Natureza morta e fotografia analógica: Bobby Doherty

Fiel à sua missão de divulgar novas perspectivas visuais e promover vozes sub-representadas no discurso fotográfico internacional, a Loose Joints Publishing com Sonhe com Nada chamou a atenção para a linguagem fotográfica da natureza morta através do olhar ousado de Doherty. Estudou na School of Visual Art de Nova York, onde desenvolveu um código estilístico muito preciso: fotos verticais, coloridas e em filme de 35 mm.

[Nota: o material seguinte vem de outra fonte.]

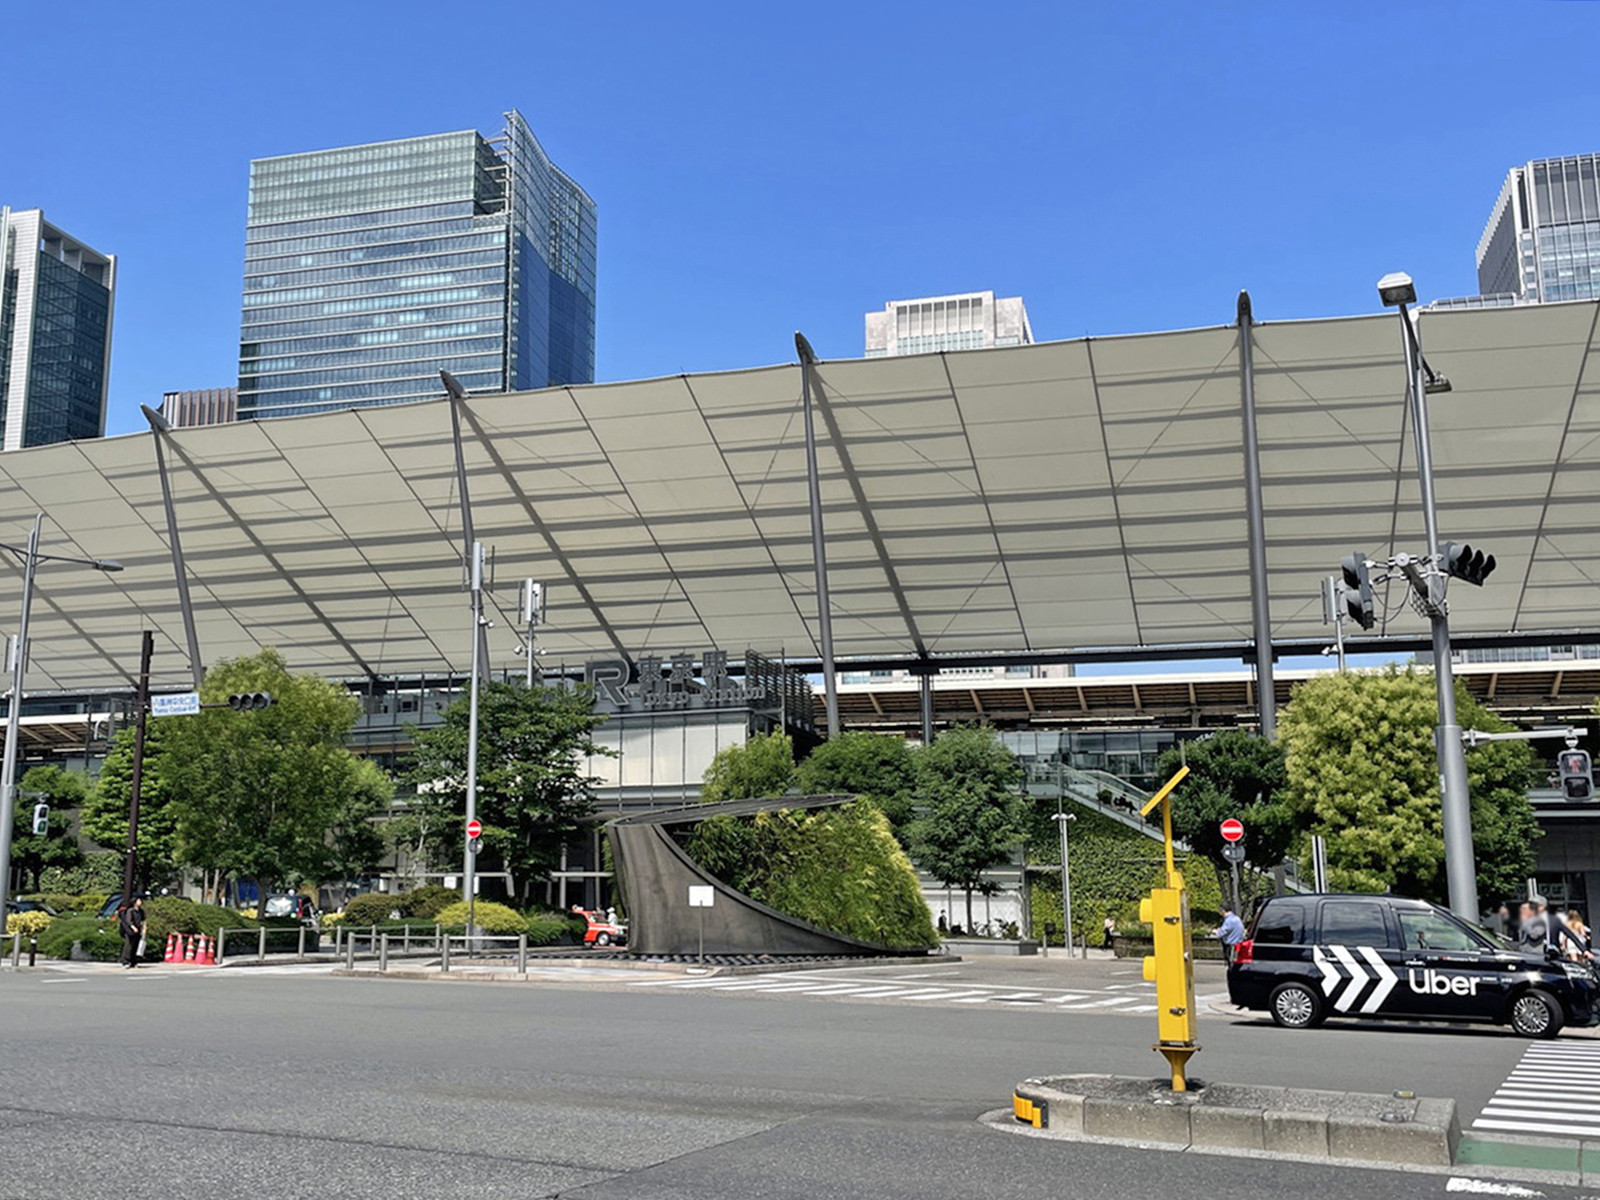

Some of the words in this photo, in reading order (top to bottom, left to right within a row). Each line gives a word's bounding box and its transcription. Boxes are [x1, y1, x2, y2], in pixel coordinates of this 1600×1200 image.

[637, 650, 728, 682] 東京駅
[1408, 968, 1480, 996] Uber

Suas composições – como mostrado em Sonhe com Nada – são frequentemente inspirados pelo mundo da comida e da culinária, que ele gosta de combinar tanto com objetos cotidianos quanto com joias, fitas e laços luxuosos. Por meio da manipulação digital de imagens e saturação de cores, Doherty cria padrões repetitivos e alucinatórios onde seus temas são intrigantes e repugnantes.

Sonhe com Nada: novas perspectivas e novas linguagens na fotografia de Bobby Doherty

Em Sonhe com Nadapela primeira vez em sua carreira, Doherty nos convida a dar um passo para trás da linguagem da sobrecarga de imagens visuais à qual muitas naturezas mortas contemporâneas e fotografia observacional se prestam. Os assuntos são dispostos com a máxima precisão diante das lentes e dos olhos dos espectadores, despojados de qualquer excesso e exagero.

Diante de tanta sobriedade alguém pode se perguntar: «Qual é o sentido de tudo isto?». Onde as categorias desaparecem e a intervenção do artista ainda é perceptível, mas discreta, as tomadas assumem uma voz própria; às vezes alta, às vezes suave, o que pode nos fazer sentir desconfortáveis ​​ou à vontade. Mas nos empurra a dar um salto de perspectiva e aprender a olhar para nossa realidade áspera com olhos novos e imaculados.

Bobby Doherty, fotógrafo

Bobby Doherty (nascido em 1989, Brewster, Nova York) é um fotógrafo que mora no Brooklyn, Nova York. O trabalho de Doherty é caracterizado por uma abordagem meticulosa à composição e um olhar para detalhes minuciosos, incorporando natureza morta, fotografia observacional e composição digital. Seus clientes comerciais incluem Louis Vuitton, Apple, Off White, Swarovski e Mac Cosmetics. Ele foi fotógrafo da equipe da New York Magazine de 2013 a 2018. Seu primeiro livro Ave marinha foi publicado pela Loose Joints em 2018.